WORK ITEM | Only the pictures are to be left out, and the rest of the entries should be reproduced exactly.

++++++

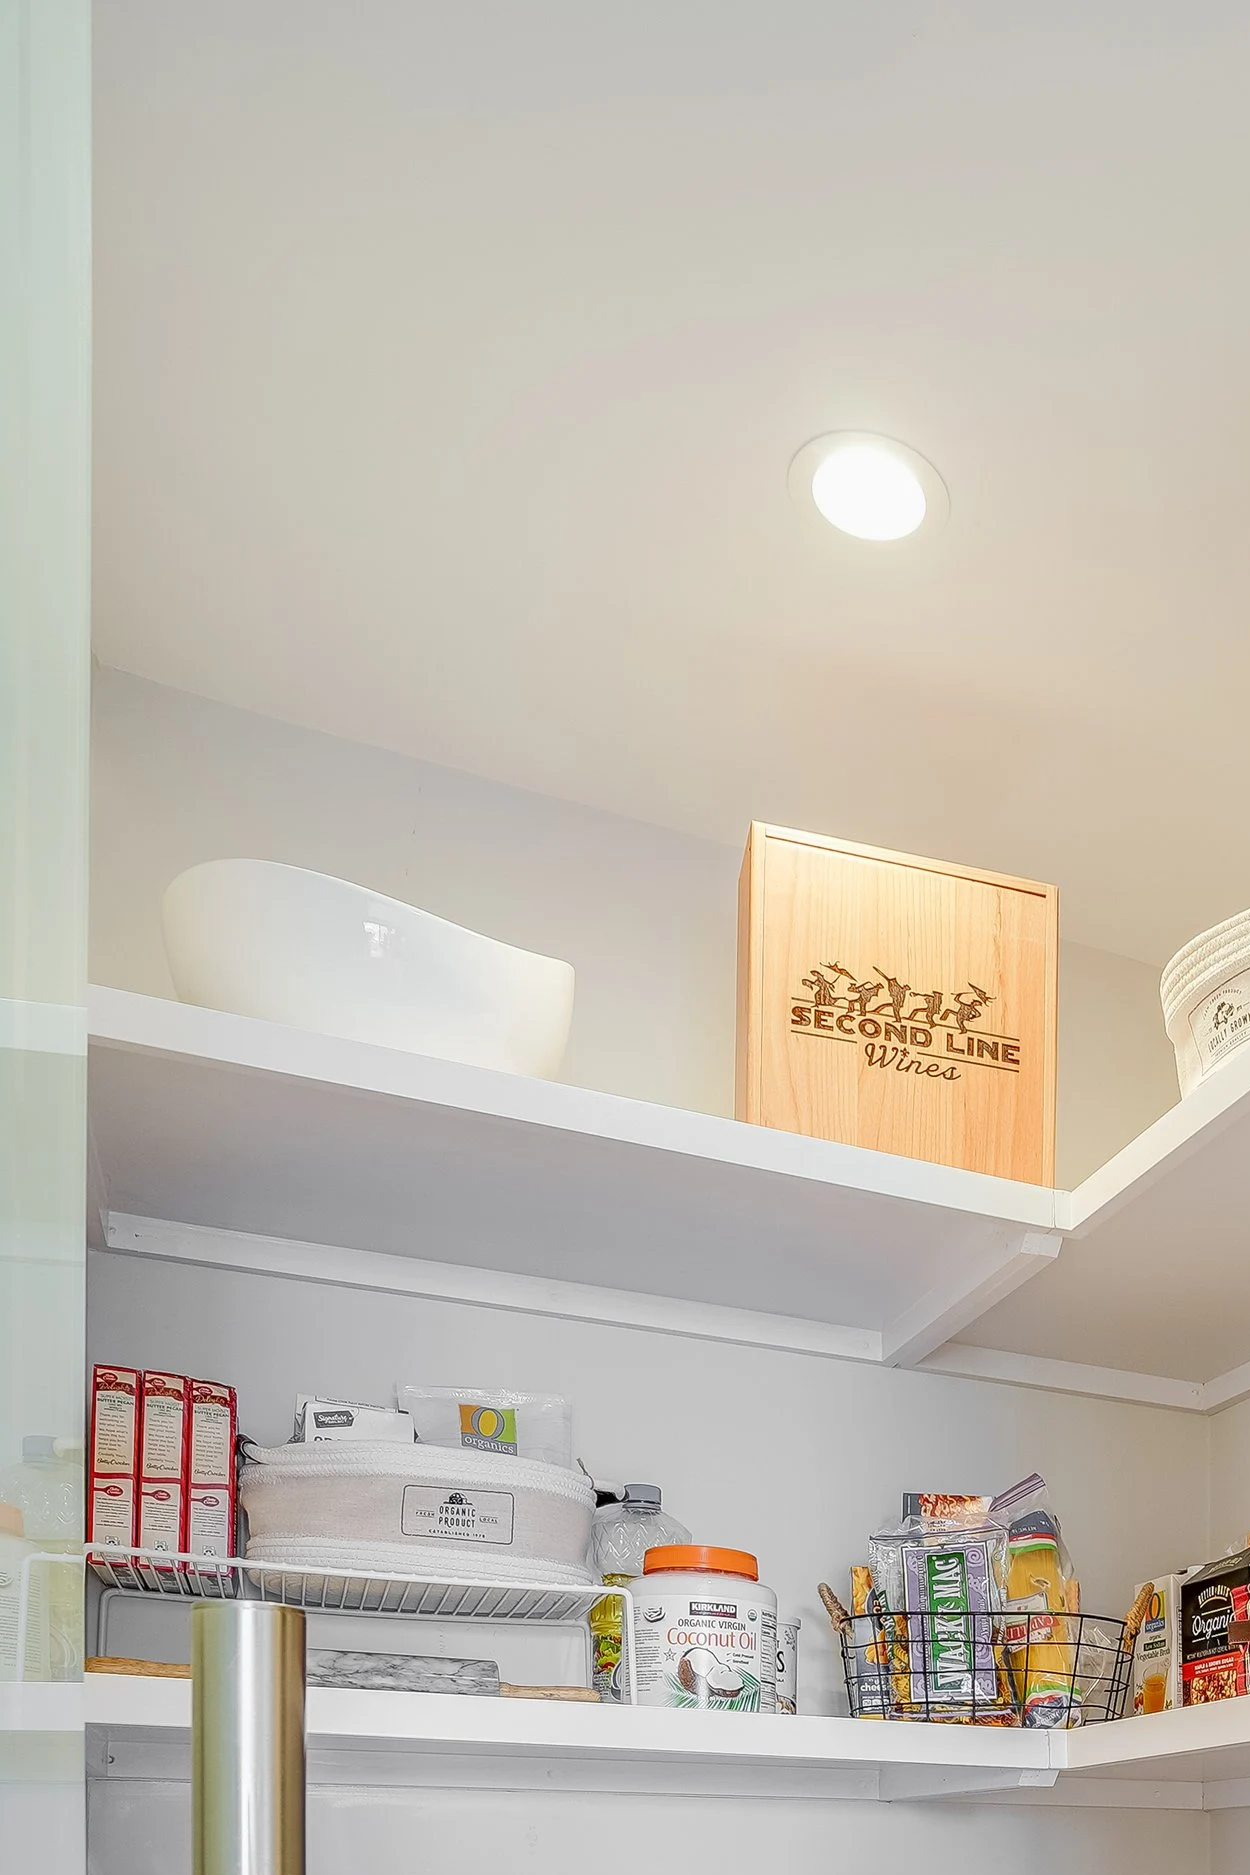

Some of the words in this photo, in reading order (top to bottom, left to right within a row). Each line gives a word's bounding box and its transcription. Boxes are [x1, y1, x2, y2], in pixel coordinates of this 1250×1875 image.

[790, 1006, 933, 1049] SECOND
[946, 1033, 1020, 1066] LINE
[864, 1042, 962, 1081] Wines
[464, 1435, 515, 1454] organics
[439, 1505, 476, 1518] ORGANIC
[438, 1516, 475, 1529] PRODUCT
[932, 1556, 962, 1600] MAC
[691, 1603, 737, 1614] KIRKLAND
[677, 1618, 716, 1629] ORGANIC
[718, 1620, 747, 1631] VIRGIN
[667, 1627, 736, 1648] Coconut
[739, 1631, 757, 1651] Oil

++++++

WRITTEN REPLY |
Some of the words in this photo, in reading order (top to bottom, left to right within a row). Each line gives a word's bounding box and its transcription. Boxes are [x1, y1, x2, y2], in pixel coordinates of this 1250×1875 image.

[790, 1006, 933, 1049] SECOND
[946, 1033, 1020, 1066] LINE
[864, 1042, 962, 1081] Wines
[464, 1435, 515, 1454] organics
[439, 1505, 476, 1518] ORGANIC
[438, 1516, 475, 1529] PRODUCT
[932, 1556, 962, 1600] MAC
[691, 1603, 737, 1614] KIRKLAND
[677, 1618, 716, 1629] ORGANIC
[718, 1620, 747, 1631] VIRGIN
[667, 1627, 736, 1648] Coconut
[739, 1631, 757, 1651] Oil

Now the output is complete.